━━━━━ DATA SUPPLIED ━━━━━
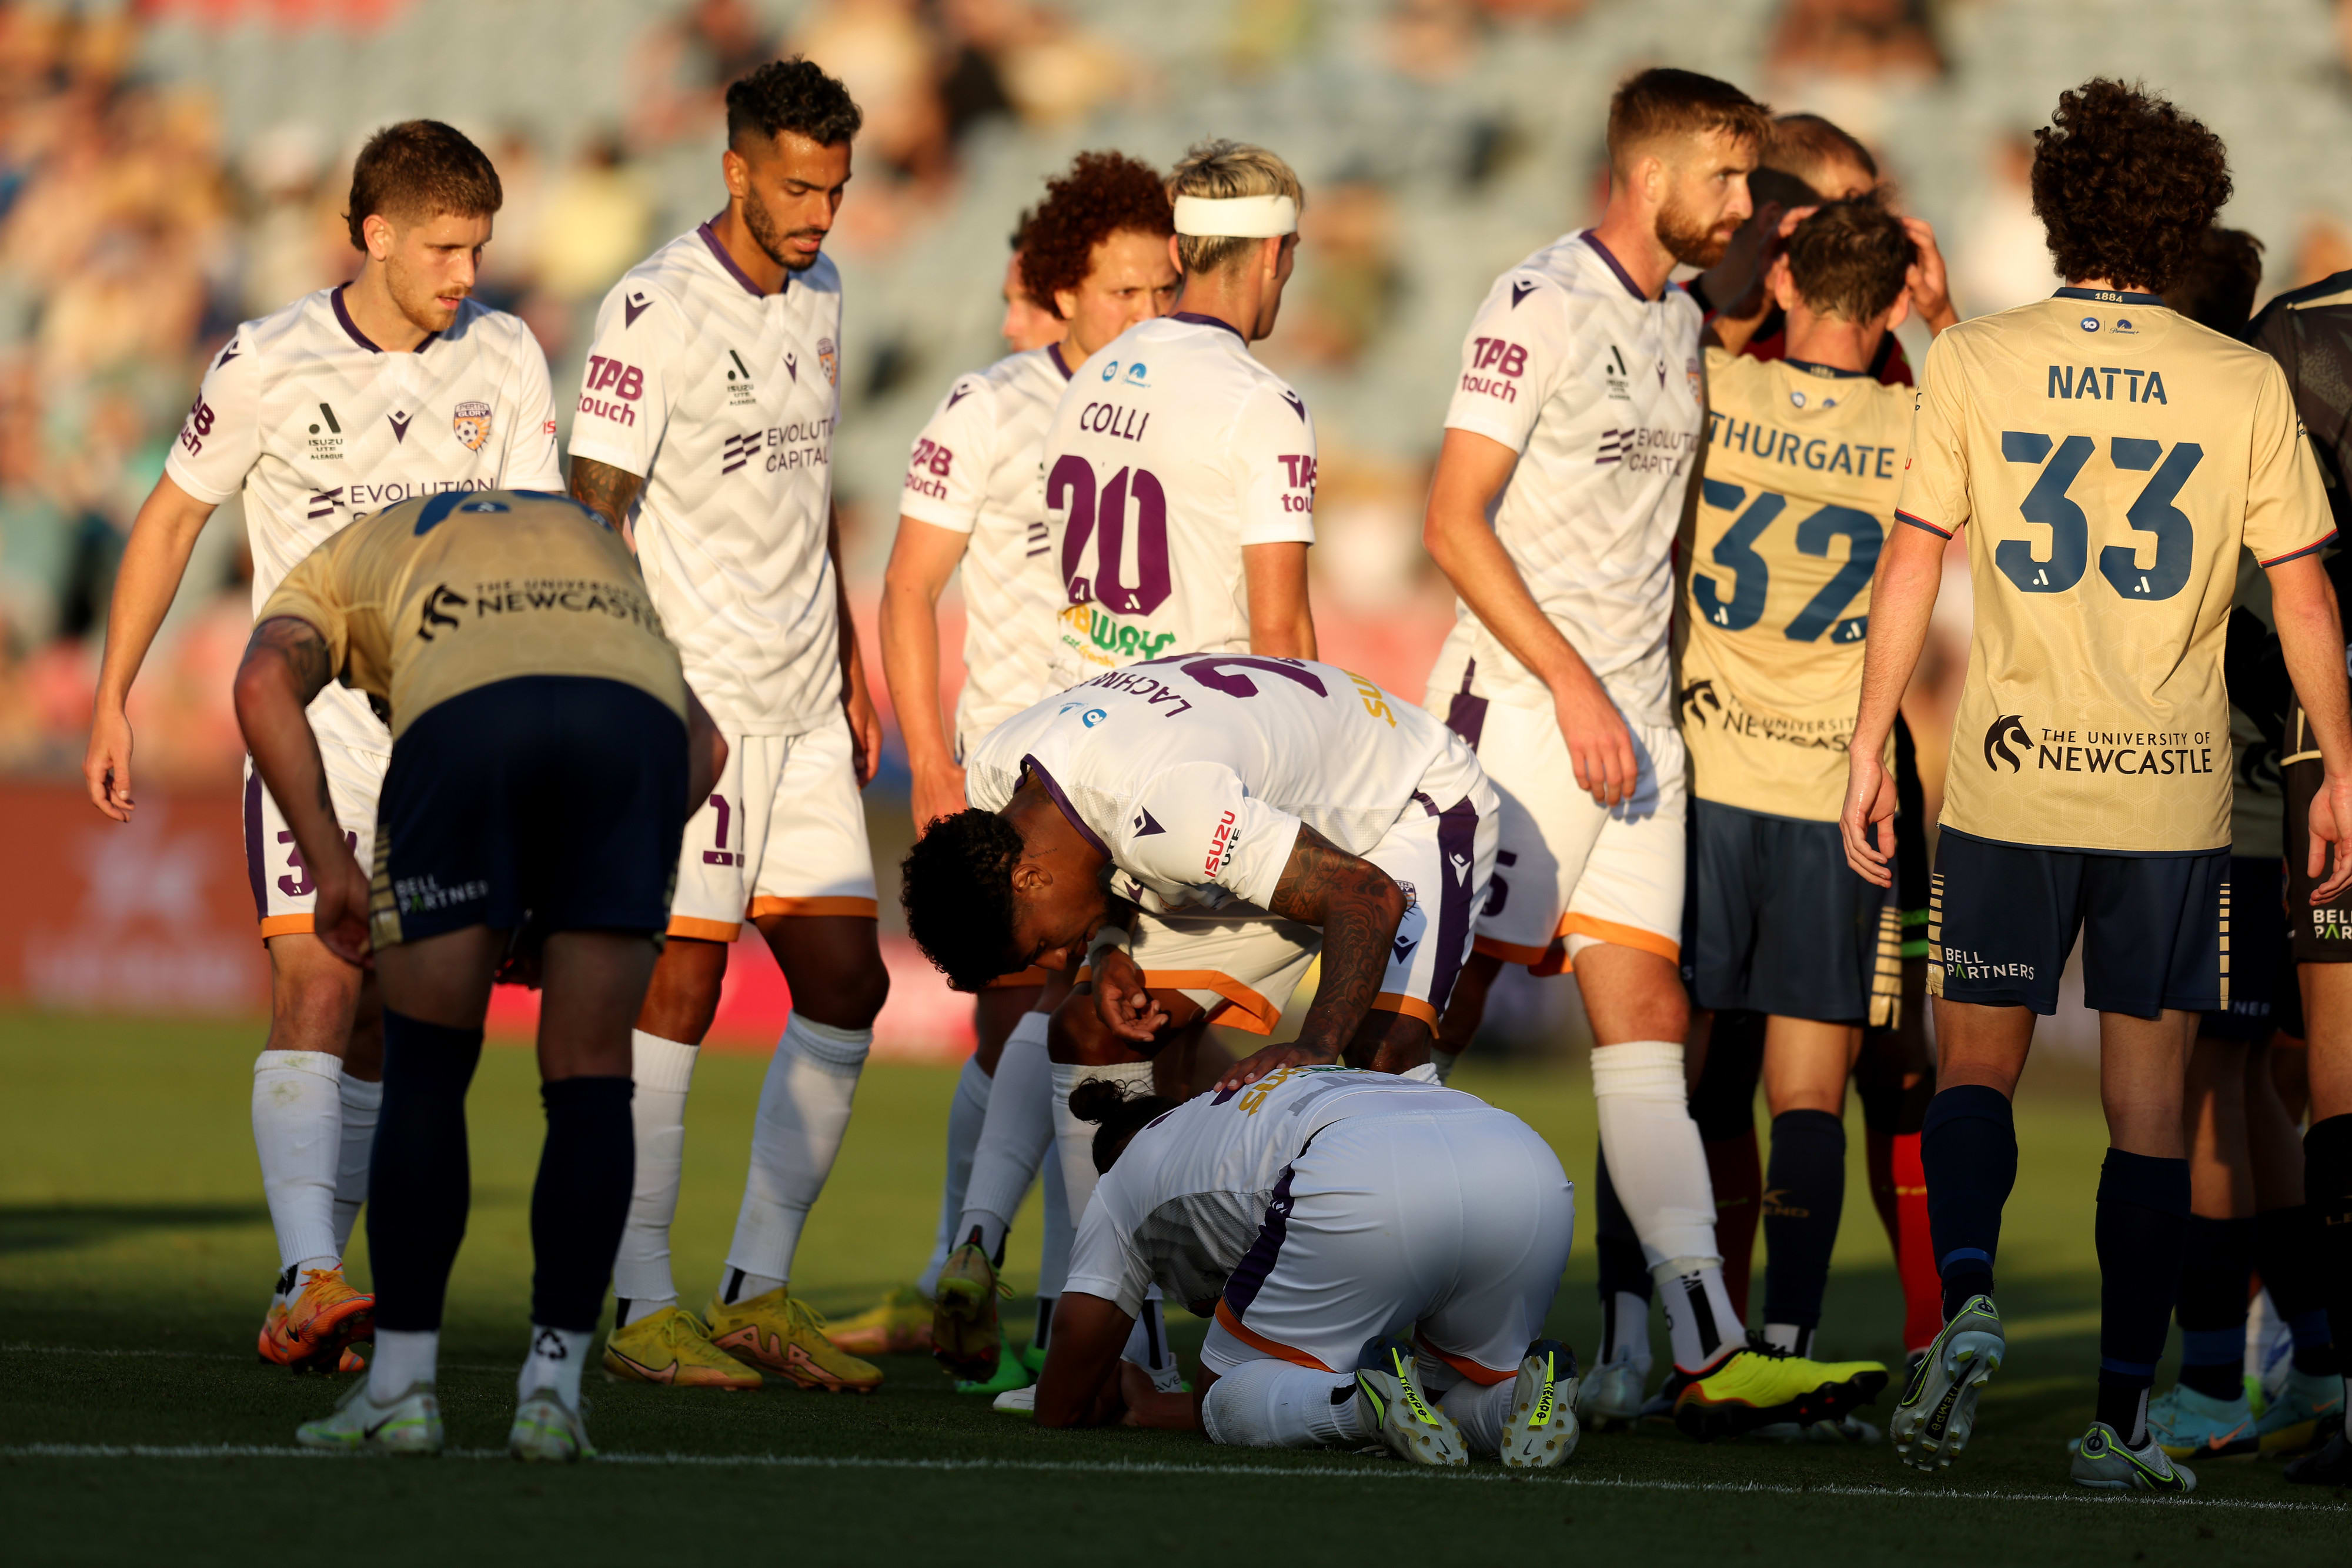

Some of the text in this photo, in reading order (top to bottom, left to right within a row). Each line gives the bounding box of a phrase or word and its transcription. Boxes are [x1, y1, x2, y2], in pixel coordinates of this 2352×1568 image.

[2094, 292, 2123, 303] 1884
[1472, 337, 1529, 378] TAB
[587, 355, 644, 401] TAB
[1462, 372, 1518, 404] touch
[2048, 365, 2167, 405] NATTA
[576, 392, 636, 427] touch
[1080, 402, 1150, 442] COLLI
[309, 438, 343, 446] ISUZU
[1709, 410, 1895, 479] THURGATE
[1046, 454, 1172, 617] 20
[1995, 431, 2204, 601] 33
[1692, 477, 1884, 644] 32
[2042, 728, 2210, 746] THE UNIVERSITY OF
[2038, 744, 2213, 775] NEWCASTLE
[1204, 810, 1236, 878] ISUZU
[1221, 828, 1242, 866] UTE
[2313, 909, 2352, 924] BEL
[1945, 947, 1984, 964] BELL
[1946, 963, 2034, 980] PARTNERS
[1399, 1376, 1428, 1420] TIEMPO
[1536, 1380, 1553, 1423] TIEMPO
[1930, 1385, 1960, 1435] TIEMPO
━━━━━
* **TASK REQUIREMENTS**
Above are the records; repeat them all exactly, without the pictures.

* **ANSWER TO THE PROBLEM**
Some of the text in this photo, in reading order (top to bottom, left to right within a row). Each line gives the bounding box of a phrase or word and its transcription. Boxes are [x1, y1, x2, y2], in pixel coordinates of this 2352×1568 image.

[2094, 292, 2123, 303] 1884
[1472, 337, 1529, 378] TAB
[587, 355, 644, 401] TAB
[1462, 372, 1518, 404] touch
[2048, 365, 2167, 405] NATTA
[576, 392, 636, 427] touch
[1080, 402, 1150, 442] COLLI
[309, 438, 343, 446] ISUZU
[1709, 410, 1895, 479] THURGATE
[1046, 454, 1172, 617] 20
[1995, 431, 2204, 601] 33
[1692, 477, 1884, 644] 32
[2042, 728, 2210, 746] THE UNIVERSITY OF
[2038, 744, 2213, 775] NEWCASTLE
[1204, 810, 1236, 878] ISUZU
[1221, 828, 1242, 866] UTE
[2313, 909, 2352, 924] BEL
[1945, 947, 1984, 964] BELL
[1946, 963, 2034, 980] PARTNERS
[1399, 1376, 1428, 1420] TIEMPO
[1536, 1380, 1553, 1423] TIEMPO
[1930, 1385, 1960, 1435] TIEMPO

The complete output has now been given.